(Stored items from a collection)
----------
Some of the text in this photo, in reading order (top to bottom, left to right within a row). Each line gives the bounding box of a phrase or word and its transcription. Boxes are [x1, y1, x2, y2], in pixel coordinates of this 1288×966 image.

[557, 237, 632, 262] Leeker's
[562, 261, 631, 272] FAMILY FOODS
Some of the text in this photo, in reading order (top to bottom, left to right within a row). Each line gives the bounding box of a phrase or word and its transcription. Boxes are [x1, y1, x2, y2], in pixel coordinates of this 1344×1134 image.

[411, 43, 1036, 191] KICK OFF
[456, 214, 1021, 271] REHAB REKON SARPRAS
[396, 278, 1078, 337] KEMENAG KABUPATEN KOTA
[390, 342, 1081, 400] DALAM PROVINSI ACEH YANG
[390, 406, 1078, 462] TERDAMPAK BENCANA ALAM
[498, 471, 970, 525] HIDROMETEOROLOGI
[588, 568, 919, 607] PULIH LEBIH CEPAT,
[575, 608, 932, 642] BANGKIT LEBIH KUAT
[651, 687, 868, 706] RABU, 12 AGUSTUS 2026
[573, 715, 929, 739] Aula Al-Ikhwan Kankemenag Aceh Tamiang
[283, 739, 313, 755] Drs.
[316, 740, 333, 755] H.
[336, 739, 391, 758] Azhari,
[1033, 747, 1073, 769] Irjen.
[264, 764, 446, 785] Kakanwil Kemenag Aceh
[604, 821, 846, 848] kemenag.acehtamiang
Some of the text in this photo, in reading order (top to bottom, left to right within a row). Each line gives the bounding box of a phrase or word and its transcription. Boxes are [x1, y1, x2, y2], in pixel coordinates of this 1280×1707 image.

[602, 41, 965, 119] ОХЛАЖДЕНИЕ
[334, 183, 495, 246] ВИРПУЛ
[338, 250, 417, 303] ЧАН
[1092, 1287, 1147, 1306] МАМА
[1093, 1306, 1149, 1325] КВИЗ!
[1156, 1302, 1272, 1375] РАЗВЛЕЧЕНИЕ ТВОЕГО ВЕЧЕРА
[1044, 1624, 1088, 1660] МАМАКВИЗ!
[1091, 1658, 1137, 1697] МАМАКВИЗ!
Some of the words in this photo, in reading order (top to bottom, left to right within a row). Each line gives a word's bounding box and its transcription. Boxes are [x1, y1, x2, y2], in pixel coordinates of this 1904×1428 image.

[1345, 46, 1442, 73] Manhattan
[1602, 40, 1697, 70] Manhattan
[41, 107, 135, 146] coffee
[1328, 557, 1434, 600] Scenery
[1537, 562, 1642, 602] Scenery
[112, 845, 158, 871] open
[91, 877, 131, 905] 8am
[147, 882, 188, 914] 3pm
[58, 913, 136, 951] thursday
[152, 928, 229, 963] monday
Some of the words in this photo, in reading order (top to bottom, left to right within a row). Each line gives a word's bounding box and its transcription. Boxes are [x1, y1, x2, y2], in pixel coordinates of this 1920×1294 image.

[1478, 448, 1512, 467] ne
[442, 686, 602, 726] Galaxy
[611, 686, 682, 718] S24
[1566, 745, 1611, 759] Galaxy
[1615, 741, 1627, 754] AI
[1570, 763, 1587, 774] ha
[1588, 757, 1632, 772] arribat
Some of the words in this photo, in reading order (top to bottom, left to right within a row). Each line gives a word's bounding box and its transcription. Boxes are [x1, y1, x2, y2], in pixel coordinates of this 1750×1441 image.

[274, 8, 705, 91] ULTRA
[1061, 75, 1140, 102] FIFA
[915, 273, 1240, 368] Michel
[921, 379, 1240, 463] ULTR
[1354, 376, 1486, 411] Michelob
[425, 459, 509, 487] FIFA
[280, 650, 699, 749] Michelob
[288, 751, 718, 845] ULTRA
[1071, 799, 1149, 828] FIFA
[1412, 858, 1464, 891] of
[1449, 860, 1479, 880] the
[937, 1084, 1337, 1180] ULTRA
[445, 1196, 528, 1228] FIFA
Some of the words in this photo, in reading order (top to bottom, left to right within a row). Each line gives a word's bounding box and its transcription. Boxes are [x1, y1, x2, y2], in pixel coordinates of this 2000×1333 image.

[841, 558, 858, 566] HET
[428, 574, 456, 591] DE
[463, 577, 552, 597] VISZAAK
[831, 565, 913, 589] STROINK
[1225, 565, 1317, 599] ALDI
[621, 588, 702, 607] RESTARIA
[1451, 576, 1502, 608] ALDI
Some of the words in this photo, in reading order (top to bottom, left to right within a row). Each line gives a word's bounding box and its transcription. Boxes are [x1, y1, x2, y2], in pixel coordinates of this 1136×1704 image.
----------
Instructions to follow
Retype each entry without altering a single word.

Response for this exercise
Some of the text in this photo, in reading order (top to bottom, left to right within a row). Each line gives the bounding box of a phrase or word and its transcription. Boxes are [x1, y1, x2, y2], in pixel coordinates of this 1288×966 image.

[557, 237, 632, 262] Leeker's
[562, 261, 631, 272] FAMILY FOODS
Some of the text in this photo, in reading order (top to bottom, left to right within a row). Each line gives the bounding box of a phrase or word and its transcription. Boxes are [x1, y1, x2, y2], in pixel coordinates of this 1344×1134 image.

[411, 43, 1036, 191] KICK OFF
[456, 214, 1021, 271] REHAB REKON SARPRAS
[396, 278, 1078, 337] KEMENAG KABUPATEN KOTA
[390, 342, 1081, 400] DALAM PROVINSI ACEH YANG
[390, 406, 1078, 462] TERDAMPAK BENCANA ALAM
[498, 471, 970, 525] HIDROMETEOROLOGI
[588, 568, 919, 607] PULIH LEBIH CEPAT,
[575, 608, 932, 642] BANGKIT LEBIH KUAT
[651, 687, 868, 706] RABU, 12 AGUSTUS 2026
[573, 715, 929, 739] Aula Al-Ikhwan Kankemenag Aceh Tamiang
[283, 739, 313, 755] Drs.
[316, 740, 333, 755] H.
[336, 739, 391, 758] Azhari,
[1033, 747, 1073, 769] Irjen.
[264, 764, 446, 785] Kakanwil Kemenag Aceh
[604, 821, 846, 848] kemenag.acehtamiang
Some of the text in this photo, in reading order (top to bottom, left to right within a row). Each line gives the bounding box of a phrase or word and its transcription. Boxes are [x1, y1, x2, y2], in pixel coordinates of this 1280×1707 image.

[602, 41, 965, 119] ОХЛАЖДЕНИЕ
[334, 183, 495, 246] ВИРПУЛ
[338, 250, 417, 303] ЧАН
[1092, 1287, 1147, 1306] МАМА
[1093, 1306, 1149, 1325] КВИЗ!
[1156, 1302, 1272, 1375] РАЗВЛЕЧЕНИЕ ТВОЕГО ВЕЧЕРА
[1044, 1624, 1088, 1660] МАМАКВИЗ!
[1091, 1658, 1137, 1697] МАМАКВИЗ!
Some of the words in this photo, in reading order (top to bottom, left to right within a row). Each line gives a word's bounding box and its transcription. Boxes are [x1, y1, x2, y2], in pixel coordinates of this 1904×1428 image.

[1345, 46, 1442, 73] Manhattan
[1602, 40, 1697, 70] Manhattan
[41, 107, 135, 146] coffee
[1328, 557, 1434, 600] Scenery
[1537, 562, 1642, 602] Scenery
[112, 845, 158, 871] open
[91, 877, 131, 905] 8am
[147, 882, 188, 914] 3pm
[58, 913, 136, 951] thursday
[152, 928, 229, 963] monday
Some of the words in this photo, in reading order (top to bottom, left to right within a row). Each line gives a word's bounding box and its transcription. Boxes are [x1, y1, x2, y2], in pixel coordinates of this 1920×1294 image.

[1478, 448, 1512, 467] ne
[442, 686, 602, 726] Galaxy
[611, 686, 682, 718] S24
[1566, 745, 1611, 759] Galaxy
[1615, 741, 1627, 754] AI
[1570, 763, 1587, 774] ha
[1588, 757, 1632, 772] arribat
Some of the words in this photo, in reading order (top to bottom, left to right within a row). Each line gives a word's bounding box and its transcription. Boxes are [x1, y1, x2, y2], in pixel coordinates of this 1750×1441 image.

[274, 8, 705, 91] ULTRA
[1061, 75, 1140, 102] FIFA
[915, 273, 1240, 368] Michel
[921, 379, 1240, 463] ULTR
[1354, 376, 1486, 411] Michelob
[425, 459, 509, 487] FIFA
[280, 650, 699, 749] Michelob
[288, 751, 718, 845] ULTRA
[1071, 799, 1149, 828] FIFA
[1412, 858, 1464, 891] of
[1449, 860, 1479, 880] the
[937, 1084, 1337, 1180] ULTRA
[445, 1196, 528, 1228] FIFA
Some of the words in this photo, in reading order (top to bottom, left to right within a row). Each line gives a word's bounding box and its transcription. Boxes are [x1, y1, x2, y2], in pixel coordinates of this 2000×1333 image.

[841, 558, 858, 566] HET
[428, 574, 456, 591] DE
[463, 577, 552, 597] VISZAAK
[831, 565, 913, 589] STROINK
[1225, 565, 1317, 599] ALDI
[621, 588, 702, 607] RESTARIA
[1451, 576, 1502, 608] ALDI
Some of the words in this photo, in reading order (top to bottom, left to right within a row). Each line gives a word's bounding box and its transcription. Boxes are [x1, y1, x2, y2], in pixel coordinates of this 1136×1704 image.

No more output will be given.